We can use the same tests as we used for the dft function in the article before last. In GHCi:

> :load FFT-v1.hs
[1 of 1] Compiling Main             ( FFT-v1.hs, interpreted )
Ok, modules loaded: Main.
> fft $ fromList [1,0,0,0,0,0,0,0]
fromList [1.0 :+ 0.0,1.0 :+ 0.0,1.0 :+ 0.0,1.0 :+ 0.0,
  1.0 :+ 0.0,1.0 :+ 0.0,1.0 :+ 0.0,1.0 :+ 0.0]
> defuzz $ fft $ generate 8 (\i ->
    sin (2 * pi * fromIntegral i / 8))
fromList [0.0 :+ 0.0,0.0 :+ 4.0,0.0 :+ 0.0,0.0 :+ 0.0,
  0.0 :+ 0.0,0.0:+ 0.0,0.0 :+ 0.0,0.0 :+ (-4.0)]

The results are the same as for the direct DFT implementation, and further tests reveal that the behaviour of the FFT code is identical to that of the DFT code (apart from small numerical differences due to different order of computation in the two algorithms).

Operation counts

For an input vector of length $N$, the simple DFT implementation multiplies our input vector by the $N \times N$ Fourier matrix, an operation requiring $N^2$ multiplication operations and a comparable number of addition operations–we thus expect the time behaviour of the simple DFT to scale as $O(N^2)$. In the case of the FFT, after permuting the input vector into bit-reversed order, we perform $\log_2 N$ “Danielson-Lanczos” steps, each of which involves multiplication by a block-diagonal matrix, each of whose blocks is composed of diagonal matrices in the $I_n$/$D_n$ pattern of $(1)$. These matrix multiplications involve $2N$ multiplications each, plus $N$ additions. We thus expect the time behaviour of the FFT algorithm to scale as $O(N \log N)$.

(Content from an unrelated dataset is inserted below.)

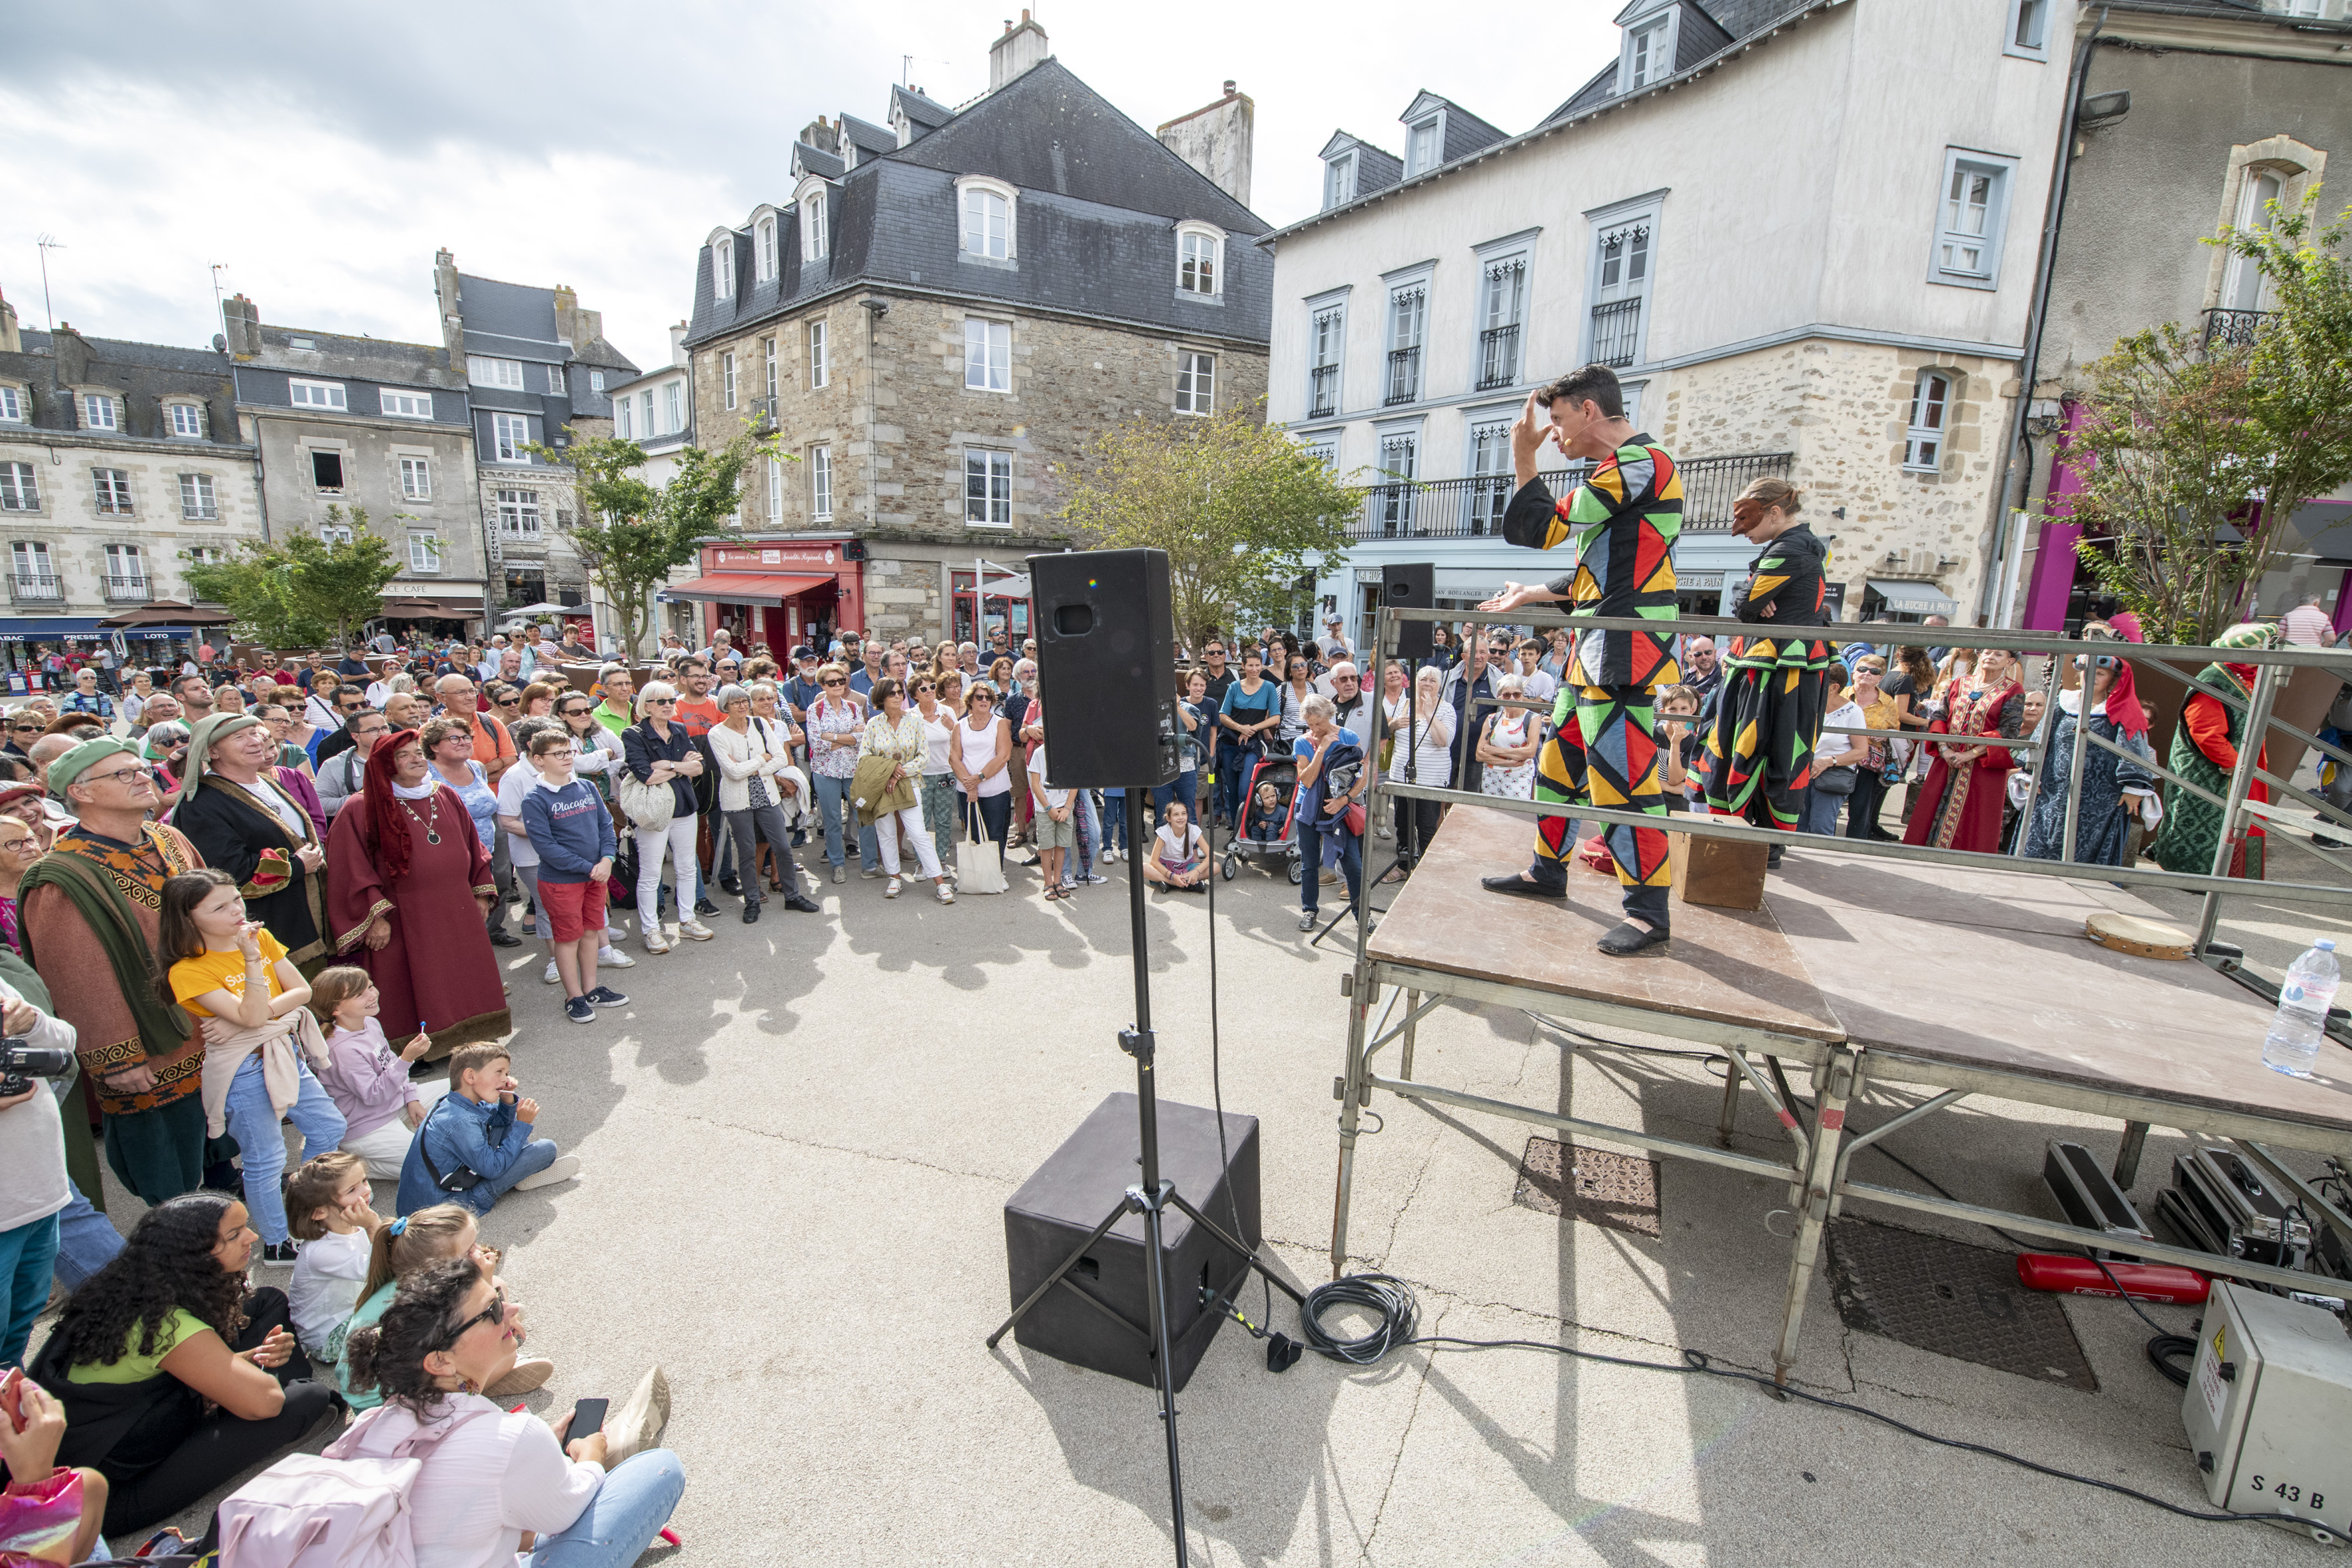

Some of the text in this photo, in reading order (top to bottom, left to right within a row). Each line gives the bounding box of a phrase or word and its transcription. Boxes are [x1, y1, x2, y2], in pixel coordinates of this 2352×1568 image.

The difference between $O(N^2)$ and $O(N \log N)$ is huge. For $N = 1024$, we expect the FFT to be about 100 times faster than the simple DFT matrix multiplication. The ratio is even more in favour of the FFT for larger $N$. It’s pretty fair to say that the invention of the FFT is what has enabled most of the spectral and filtering computations that are ubiquitous in digital signal processing today.

What next?

So far, the presentation we’ve followed is pretty much what you can find in more or less any signal processing textbook–everyone explains this powers-of-two algorithm because it’s nice and simple. We’re going to be a lot more ambitious than that though! After looking at a simple application of this code in the next article, we’re going to venture into deeper waters, as we begin exploring what’s needed to lift the “powers of two” restriction on input vector lengths. Conceptually, this turns out to be a relatively straightforward generalisation of the powers-of-two algorithm, but the details are quite delicate and quite interesting.